Mitefall!

by Alan Rapp on November 20, 2011

in Television Reviews 

  • Title: Batman: The Brave and the Bold – Mitefall!
  • tv.com: link

batman-brave-and-bold-mitefall-ambush-bug

After watching Batman (Diedrich Bader) and Aquaman (John Di Maggio) stop Gorilla Grodd (Di Maggio) from stealing a ocean laboratory with the use of robotic sharks Bat-Mite (Paul Reubens) laments the Silver Age hijinks of his favorite show who he believes has jumped the shark (literally!). In the mood for a more dramatic version of the Caped Crusader the imp decides to use his power to sink the show for good in Batman: The Brave and the Bold‘s final episode.

Batmite’s plan involves adding a love interest, giving Batman an adorable kid and a studio audience laugh track, inserting more toy props into the show (enter the Neon Talking Super-Street Bat-Luge) and replacing Dimaggio as the voice of Aquaman with Ted McGinley.

Thankfully for Batman there’s another hero on the case to help save the Dark Knight Detective. The bad news is the only hope for our hero is Ambush Bug (Henry Winkler), who Bat-Mite remarks is a pretty obscure hero even for this show.

This episode has everything, even Alpine Ice Climber Batman, Ace the Bathound and his annoying new Scrappy-Doo-like sidekick, a promo for a Batgirl cartoon, Batman surfing the Malibu waves, the end of Batmite, and a final farewell featuring as many Batman: The Brave and the Bold characters as the artist could fit on-screen (even G’nort makes it into the shot!).

batman-brave-and-bold-mitefall-cast

Not to be outdone by the main story, the episode’s opening segment is one of the most bizarre of the entire series (take a second to think about that) as Batman travels to a parallel Earth and saves President Abraham Lincoln (Peter Renaday) from a steampunk powered John Wilkes Booth (Dee Bradley Baker).

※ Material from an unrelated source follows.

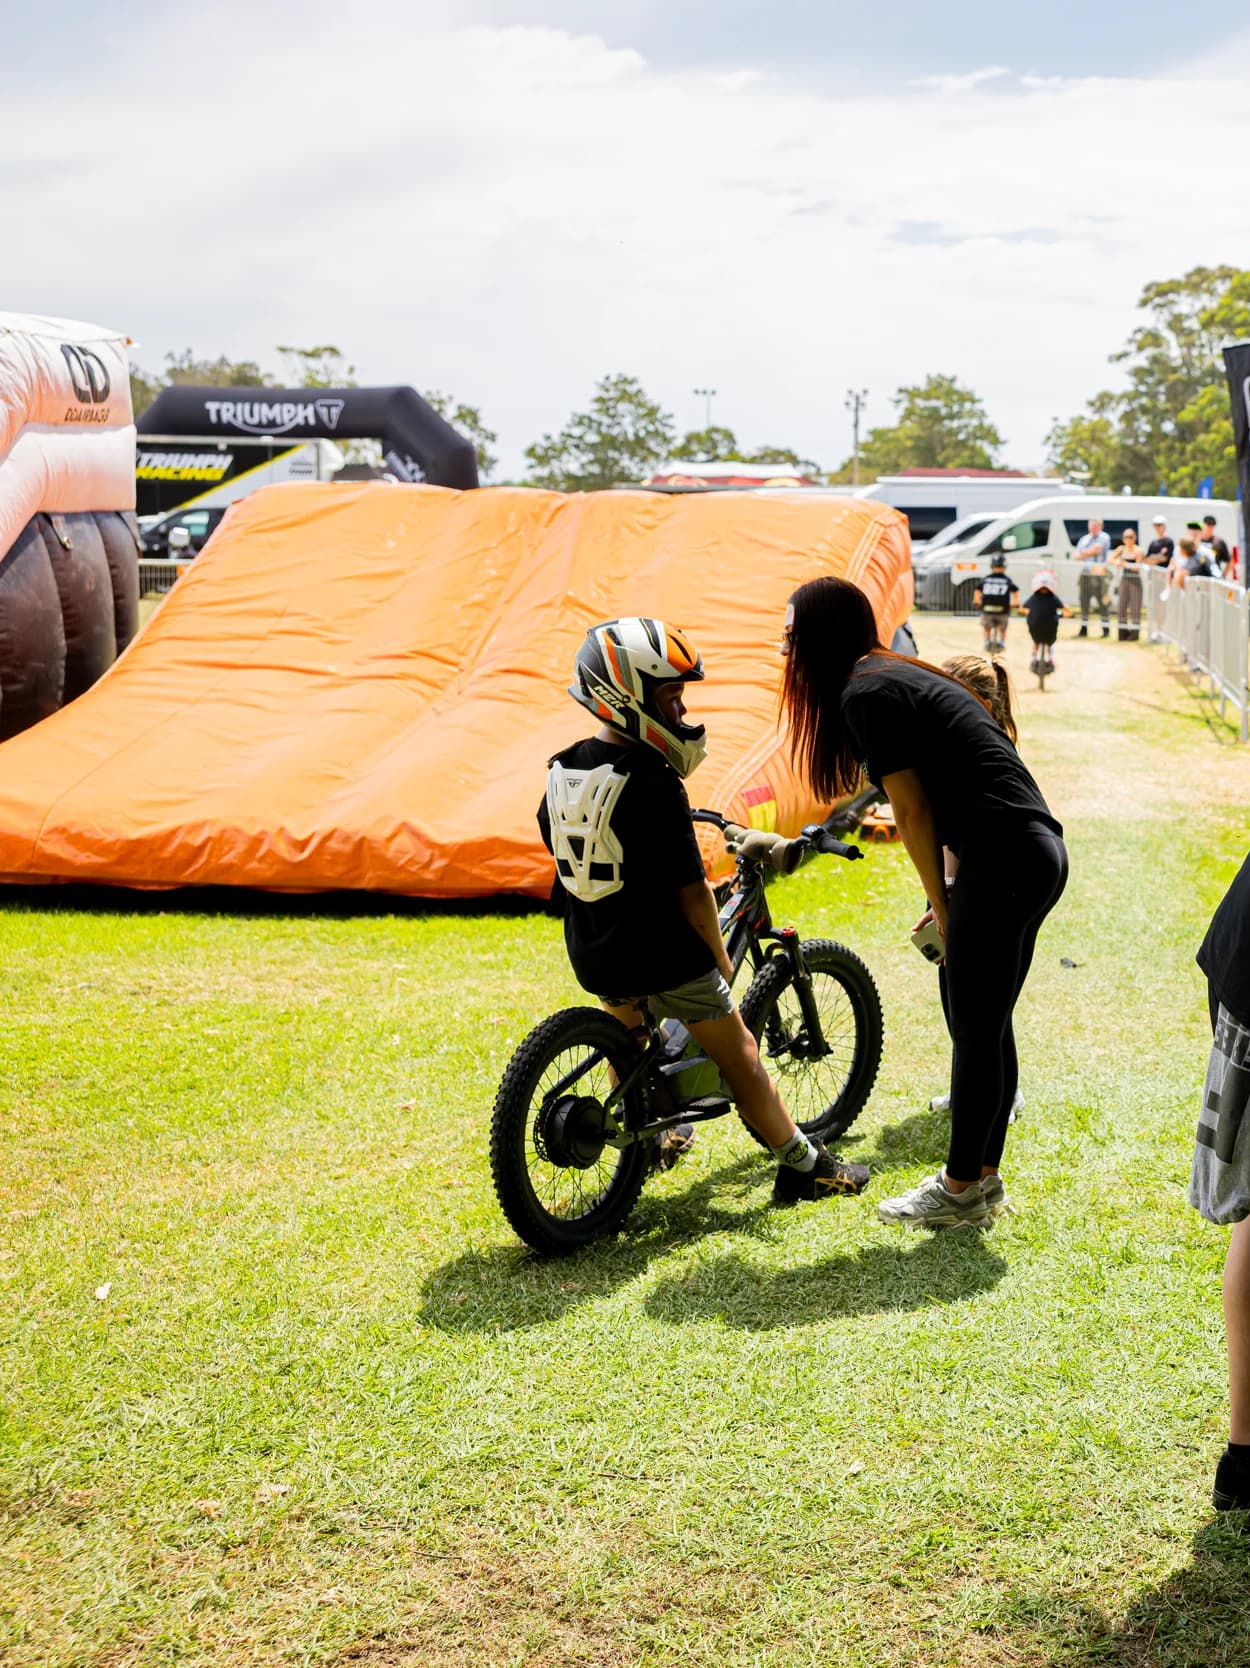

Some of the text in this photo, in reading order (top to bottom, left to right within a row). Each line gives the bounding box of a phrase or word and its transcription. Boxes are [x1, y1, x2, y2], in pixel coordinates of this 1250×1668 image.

[205, 401, 316, 434] TRIUMPH
[138, 452, 234, 469] TRIUMPH
[136, 467, 226, 481] RACING

The show may not be as good as Batman: The Animated Series (what is?), but despite being stuck with long hiatuses and scheduling issues the show provided some great moments and very memorable episodes. I’m sad to see it go, but at least Paul Dini (who wrote this episode) found a way for it to go out with a bang poking fun not only at the show itself but the problems that creep into so many super-hero cartoons. Alpine Ice Climber Batman, indeed.